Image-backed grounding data
Content starts
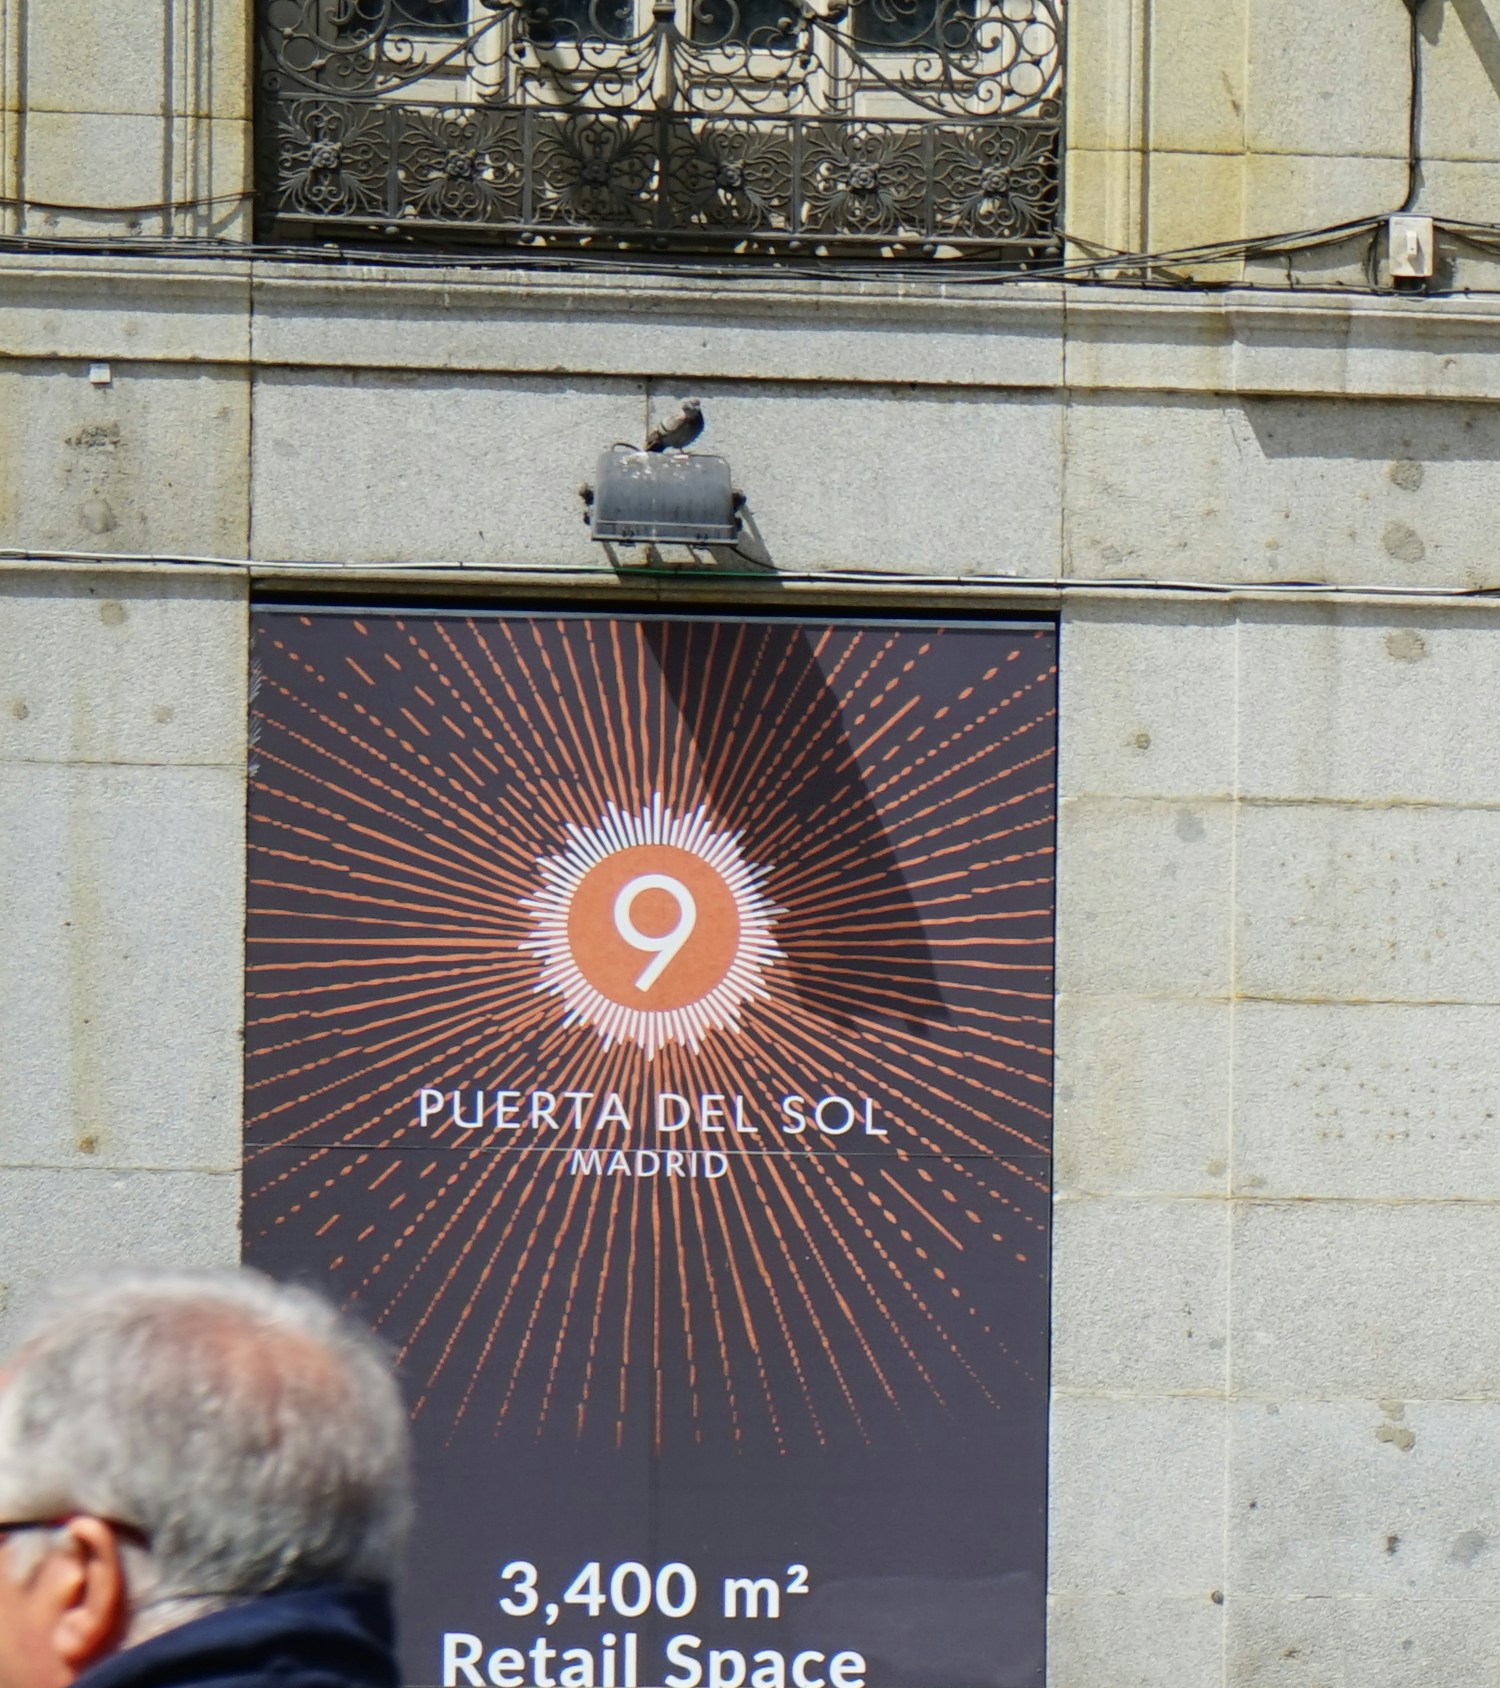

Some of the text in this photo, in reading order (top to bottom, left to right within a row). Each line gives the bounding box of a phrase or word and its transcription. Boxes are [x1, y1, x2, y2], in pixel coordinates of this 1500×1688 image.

[613, 873, 698, 992] 9
[419, 1089, 888, 1137] PUERTA DEL SOL
[569, 1148, 729, 1179] MADRID
[500, 1561, 697, 1625] 3,400
[442, 1632, 638, 1688] Retail
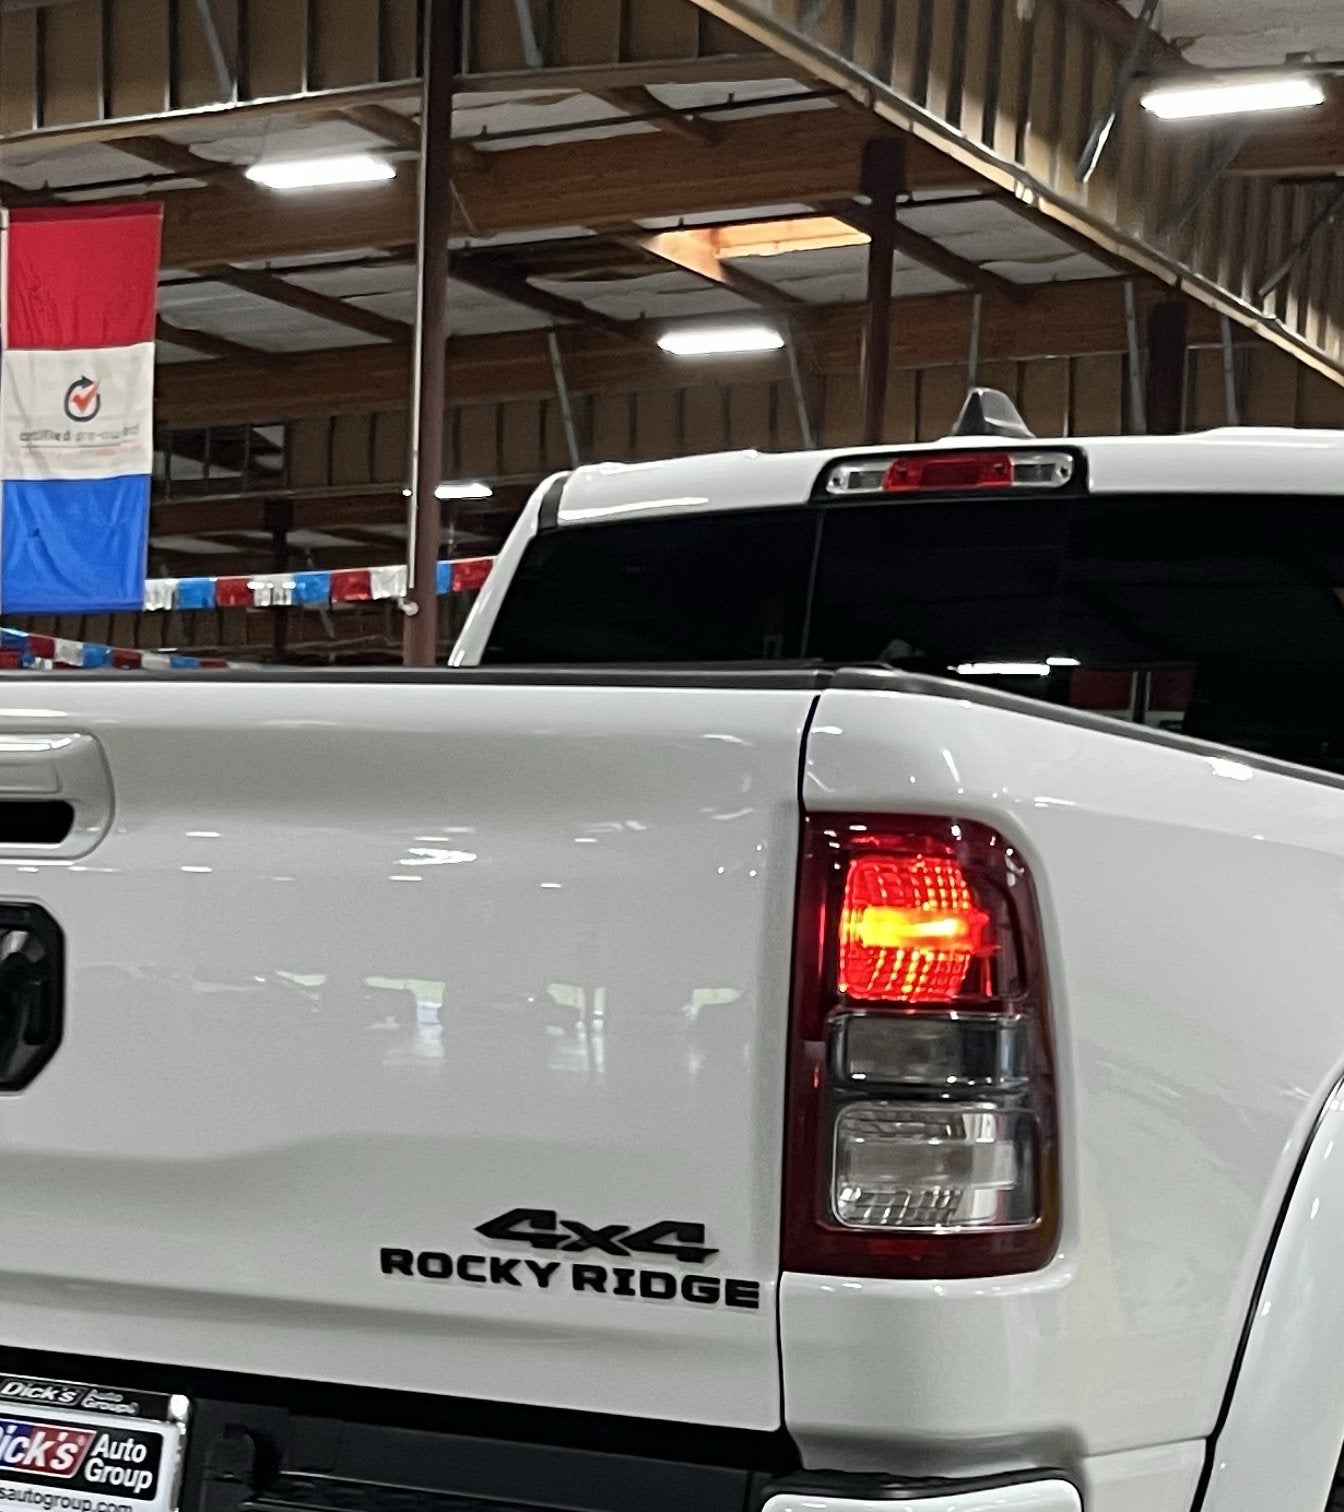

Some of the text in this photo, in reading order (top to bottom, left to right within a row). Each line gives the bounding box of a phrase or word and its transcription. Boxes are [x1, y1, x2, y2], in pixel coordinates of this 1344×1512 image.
Content ends
If the data includes images, skip them and copy every line exactly.

Answer to this task.
Some of the text in this photo, in reading order (top to bottom, left to right within a row). Each line gives the bounding box of a phrase or word and its transcription. Boxes are [x1, y1, x2, y2], in pixel coordinates of this 1500×1688 image.

[613, 873, 698, 992] 9
[419, 1089, 888, 1137] PUERTA DEL SOL
[569, 1148, 729, 1179] MADRID
[500, 1561, 697, 1625] 3,400
[442, 1632, 638, 1688] Retail

Some of the text in this photo, in reading order (top to bottom, left to right within a row). Each line gives the bounding box of a phrase or word and its transcription. Boxes are [x1, y1, x2, y2], in pixel coordinates of this 1344×1512 image.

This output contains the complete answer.